Solo hasta hace unos pocos años más de la mitad de la población de Bogotá llegó a estar representada por nativos de la ciudad pro primera vez en la historia. ¿De qué otra manera una ciudad crece de manera tan vertiginosa, tan espantosa, si no es con forasteros? Pasar de menos de un millón de habitantes a siete millones en cincuenta años es algo que solo pueden lograr los conejos. Y el fenómeno sigue, desde luego.

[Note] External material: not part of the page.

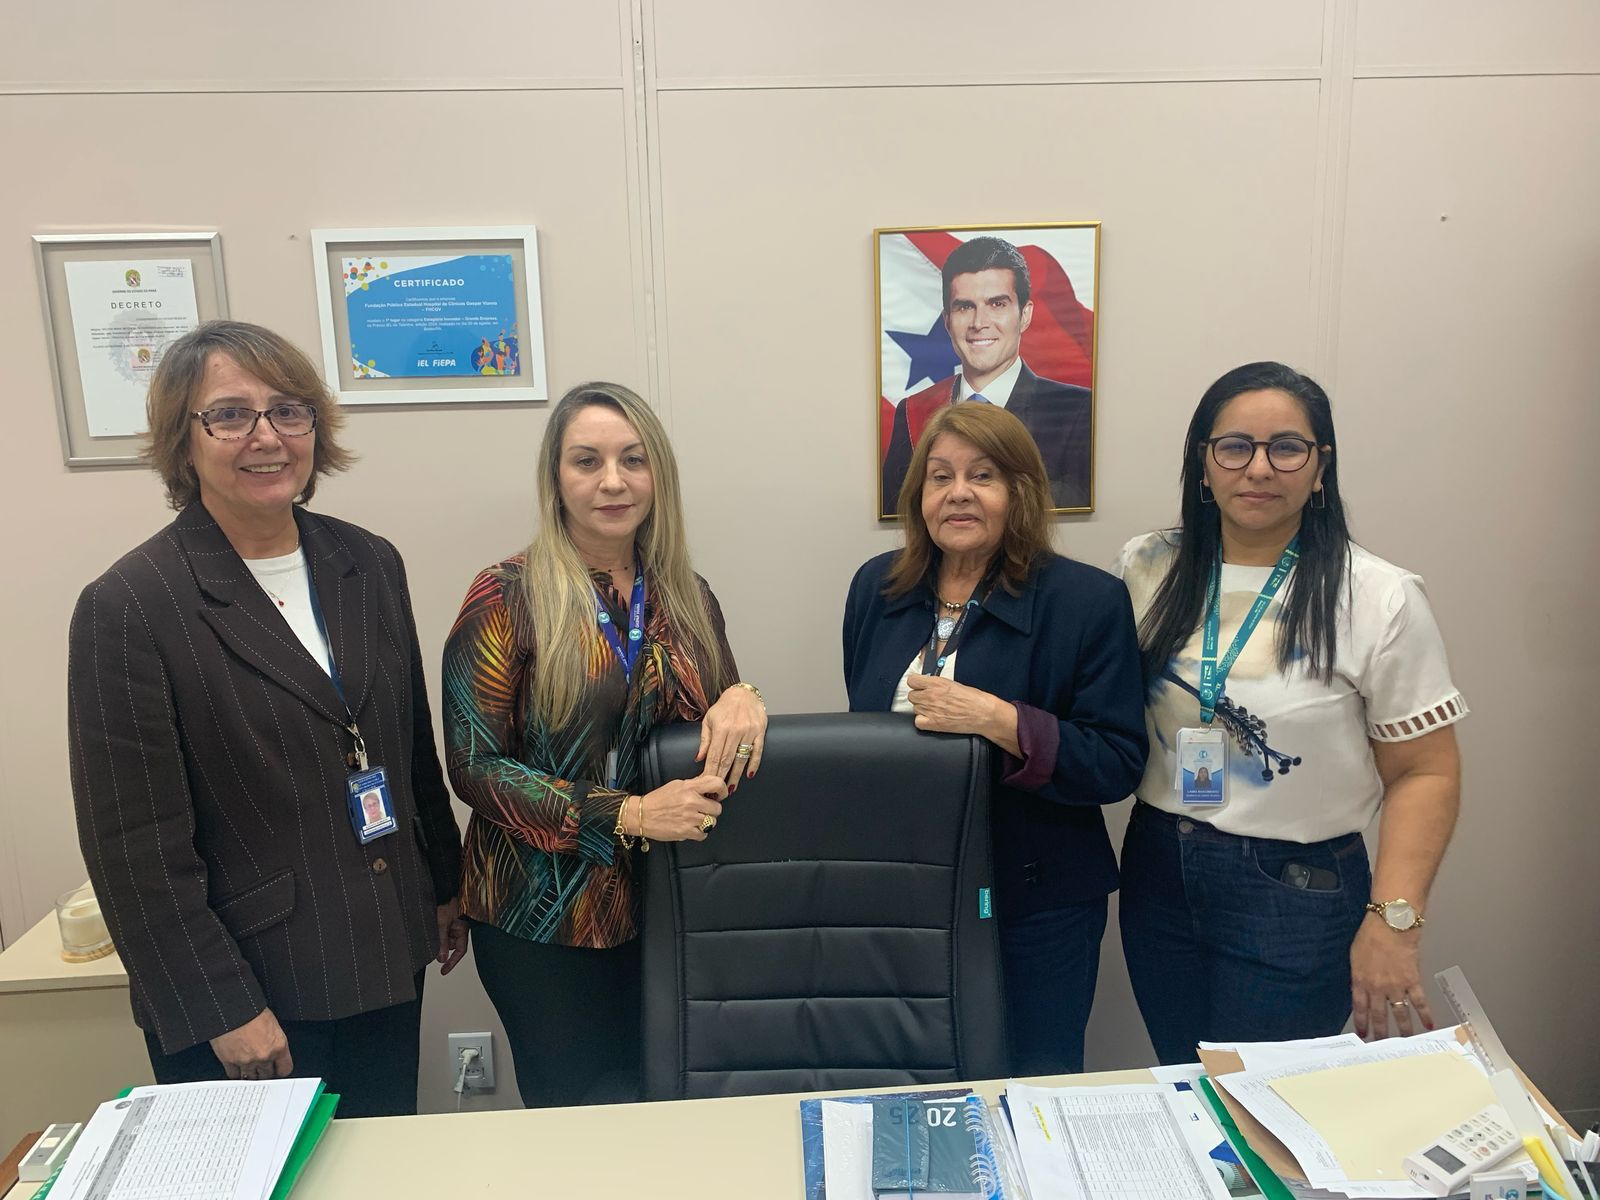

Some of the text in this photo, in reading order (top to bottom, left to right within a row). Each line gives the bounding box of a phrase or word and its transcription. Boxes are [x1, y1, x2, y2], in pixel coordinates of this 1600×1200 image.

Sin embargo es común, dentro de la tradicional ignorancia y ceguera de este país, considerar que hay unos bogotanos “de verdad” y otros que son “provincianos” o “calentanos”. Según ese mito, esos venidos de más allá son apenas unos pocos, aunque cada vez son más, que han llegado muy recientemente, que no han podido ni han querido adaptarse al trajín de una metrópoli, de una capital que hasta hace unos años era “auténtica”.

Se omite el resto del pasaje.